Agujeros en los aviones

Del espíritu crítico y sus aplicaciones prácticas (y aéreas)

 

La historia que quiero contar acá empieza como tantas otras que usted ha leído pero la repetición no la hace menos angustiosa. Es que así como en el ajedrez las primeras jugadas son (o parecen) iguales a las de otras partidas, después, la variedad de posibilidades le va dibujando un nuevo destino. Créame que ésta lo tiene. Acompáñeme por acá..

Abraham Wald nació en 1902 en lo que en su momento fue Klausenburg, en el Imperio Austro-Húngaro. Sin embargo, al finalizar la Primera Guerra Mundial, Klausenburg ya no se llamaba más así sino que le pusieron Cluj, y como tantas otras ciudades de aquella época, ya no era ni austríaca ni húngara: era parte de Rumania.

Wald era judío, nieto de un rabino.  Como en tantos otros casos, su afición por la matemática lo llevó a estudiar a Viena (que todavía sigue siendo austríaca). El problema se generó después: cuando Wald se doctoró, en 1931, no podía conseguir un puesto como profesor en Austria justamente por su condición de judío. Desesperado porque se le negaba la oportunidad de progresar (y de trabajar), fue rescatado por Oskar Morgenstern* que se lo llevó a Estados Unidos, primero a Chicago, a la Comisión Cowles para Investigaciones en Economía y después a Colorado Springs, para que trabajara en econometría. La aspiración de Wald era capacitarse, pero no quedarse a vivir en América del Norte: quería volver a su país. El problema fue que como los nazis arrasaban con todo, a Wald no le quedó otra alternativa que quedarse donde no quería.

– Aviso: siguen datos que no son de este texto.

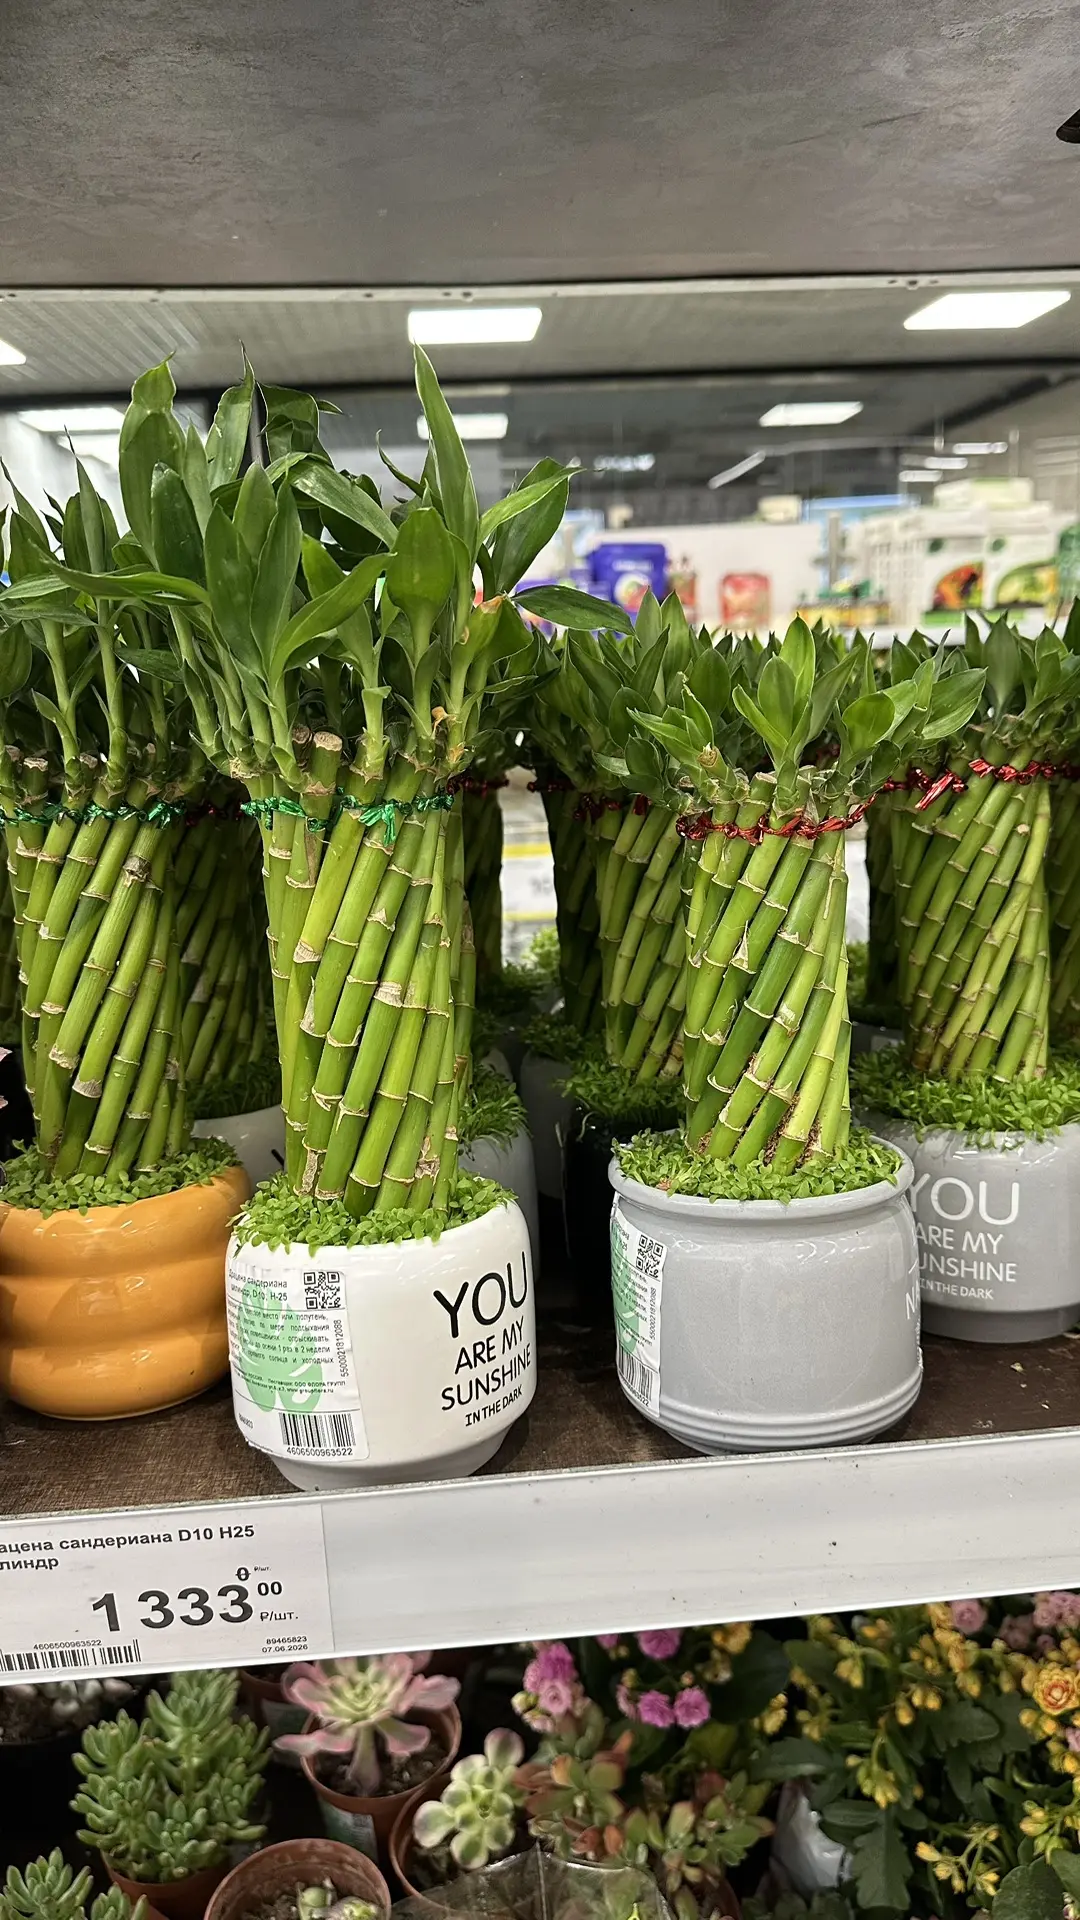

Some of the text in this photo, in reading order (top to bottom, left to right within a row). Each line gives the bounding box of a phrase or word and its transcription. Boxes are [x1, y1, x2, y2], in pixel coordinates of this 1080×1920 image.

[909, 1173, 1020, 1225] YOU
[916, 1222, 1004, 1255] ARE MY
[247, 1276, 288, 1289] сандериана
[920, 1278, 994, 1300] IN THE DARK
[433, 1251, 528, 1339] YOU
[455, 1315, 524, 1375] ARE MY
[301, 1357, 334, 1365] холодных
[441, 1343, 531, 1411] SUNSHINE
[465, 1384, 523, 1427] IN THE DARK
[286, 1446, 353, 1457] 4606500963522
[59, 1531, 173, 1550] сандериана
[178, 1527, 214, 1542] D10
[219, 1525, 255, 1540] H25
[257, 1581, 282, 1596] 00
[33, 1639, 102, 1650] 4606500963522
[261, 1643, 309, 1653] 07.06.2026
[266, 1635, 308, 1645] 89465823

Como producto de sus trabajos y sus méritos terminó recibiendo una oferta que no quiso (ni pudo) rechazar: una posición en la Universidad de Columbia, en New York. Ahora bien: ¿por qué toda esta historia? Téngame un poquito más de paciencia.

Wald empezó a distinguirse por su capacidad de análisis, su agudeza y creatividad. Seguramente esas cualidades fueron las que se requerían para formar parte de un grupo conocido con las siglas SRG en inglés: Statistical Research Group (Grupo de Investigaciones en Estadística). Lo invitaron a participar y aceptó también. Europa quedaba cada vez más lejos.

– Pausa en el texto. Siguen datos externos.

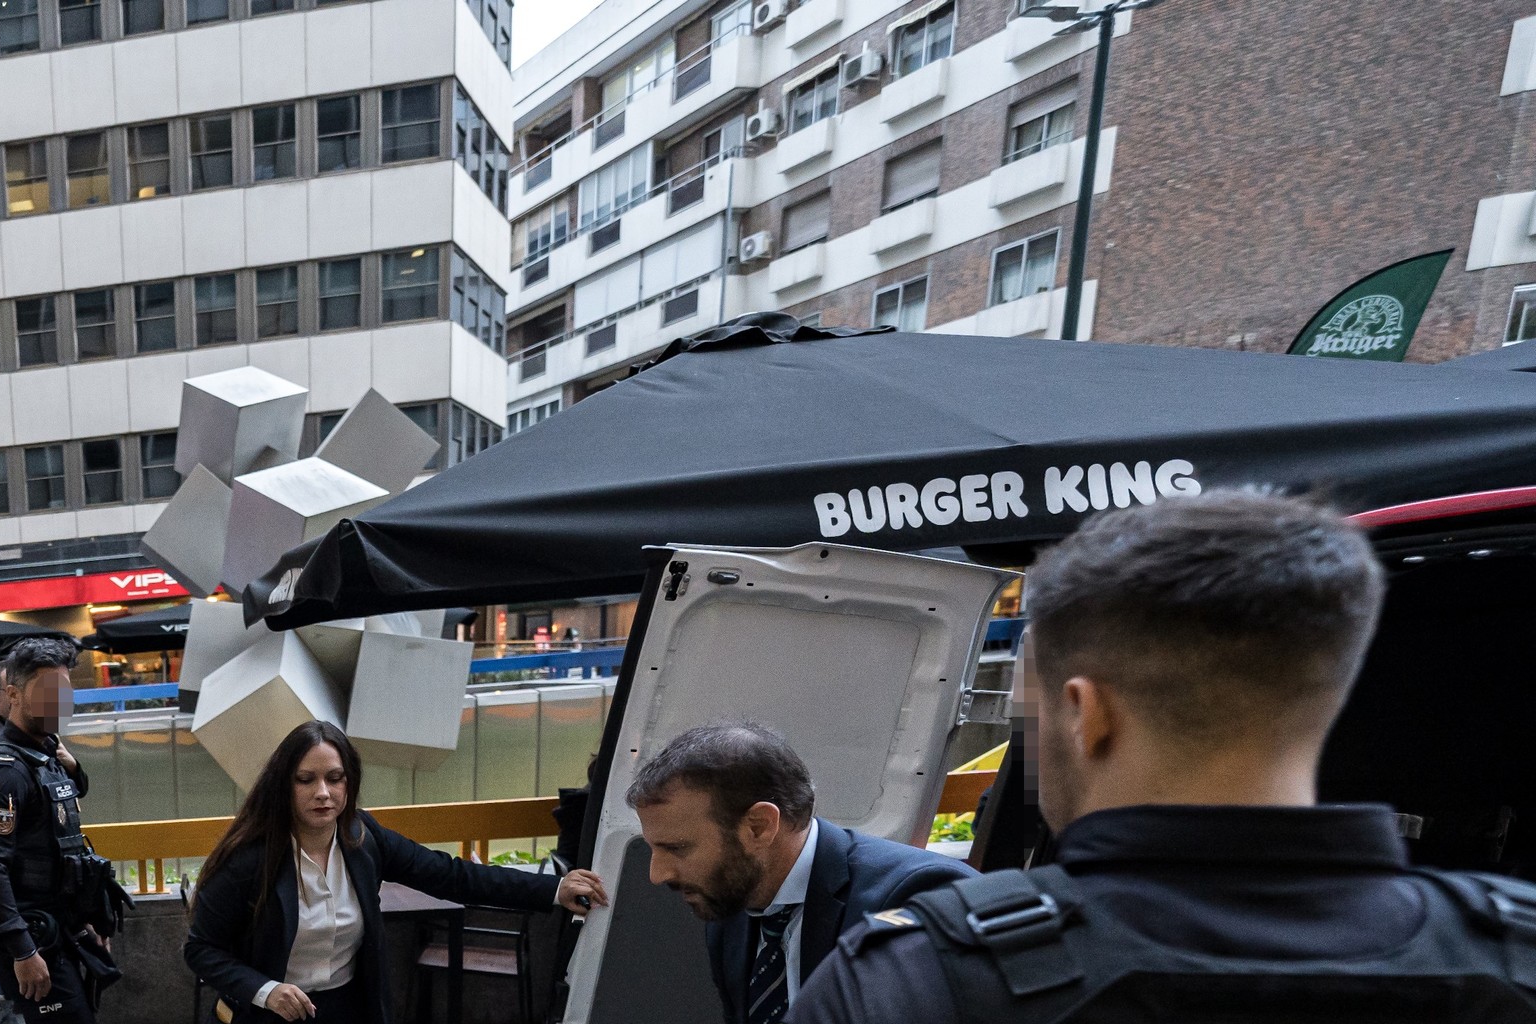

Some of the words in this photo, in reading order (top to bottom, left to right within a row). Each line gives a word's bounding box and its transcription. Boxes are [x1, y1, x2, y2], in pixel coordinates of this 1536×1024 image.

[814, 471, 1029, 538] BURGER
[1044, 458, 1201, 515] KING
[39, 1003, 63, 1013] CNP

La guerra se daba en diferentes frentes y en distintos lugares del mundo más allá de los campos de batalla propiamente dichos. Mientras en el laboratorio de Los Alamos, a unos 150 kilómetros de Albuquerque, capital de New Mexico, se trabajaba en la fabricación de la bomba atómica en el famoso Proyecto Manhattan, en la Costa Este también había gran concentración de científicos teóricos, dedicados en particular a encontrar y resolver ecuaciones. Y vea lo que sucedió: tal era la potencia de lo que producía el grupo SRG que integraba Wald, que comenzaron a tener injerencia en lo que sucedía con los aviones que bombardeaban las posiciones nazis.

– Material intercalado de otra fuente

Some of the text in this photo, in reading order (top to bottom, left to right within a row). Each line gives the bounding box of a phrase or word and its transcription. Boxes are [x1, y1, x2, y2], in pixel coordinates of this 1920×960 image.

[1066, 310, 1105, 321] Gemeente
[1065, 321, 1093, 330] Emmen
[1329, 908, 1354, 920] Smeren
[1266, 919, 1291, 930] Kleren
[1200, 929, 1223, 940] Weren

El grupo de matemáticos del SRG, especializados en estadística, comenzó a detectar que los militares contaban con ellos cada vez más. De hecho, el área militar recogía los datos y los trasladaba inmediatamente al departamento en donde operaba el grupo. El departamento estaba en un edificio ubicado exactamente a una cuadra de lo que hoy es la Universidad de Columbia (Columbia University), en el 401 oeste de la calle 118, en lo que se conoce hoy como el Upper West Manhattan.

Los militares esperaban las recomendaciones y sugerencias de los teóricos, los matemáticos. Por su parte, los ingenieros aeronáuticos convergían también al mismo departamento con la idea de analizar cómo implementar las modificaciones que sugirieran los matemáticos, siempre y cuando éstos pudieran mostrar que estos cambios podían mejorar la performance de las misiones aéreas.

La situación era (más o menos) así: cuando los bombarderos retornaban de sus misiones, no todos volvían intactos sino que al llegar a sus respectivas bases se hacía un análisis del impacto que habían producido los proyectiles alemanes. Se hacía un recuento de los diferentes lugares en donde se encontraban los ‘agujeros’. La idea era no sólo repararlos (obviamente), sino aprovechar la experiencia para proteger a los otros. A tal efecto, se buscaba agregarles armaduras o piezas metálicas que ofrecieran más resistencias a los impactos que recibían desde tierra.

Pero aparecía un problema: si uno le pone armaduras muy pesadas, el avión no puede volar; pierde maniobrabilidad y usa muchísimo más combustible. Por otro lado, si uno les pone armaduras muy livianas terminan resultando superfluas; es como si no existieran....¿para qué usarlas?

Aquí es donde empieza a intervenir la matemática (una vez más): ¿dónde está el punto de equilibrio, el punto óptimo? Ya que uno no puede proteger con armaduras todo el avión, entonces, ¿qué partes cuidar más? ¿Qué hacer?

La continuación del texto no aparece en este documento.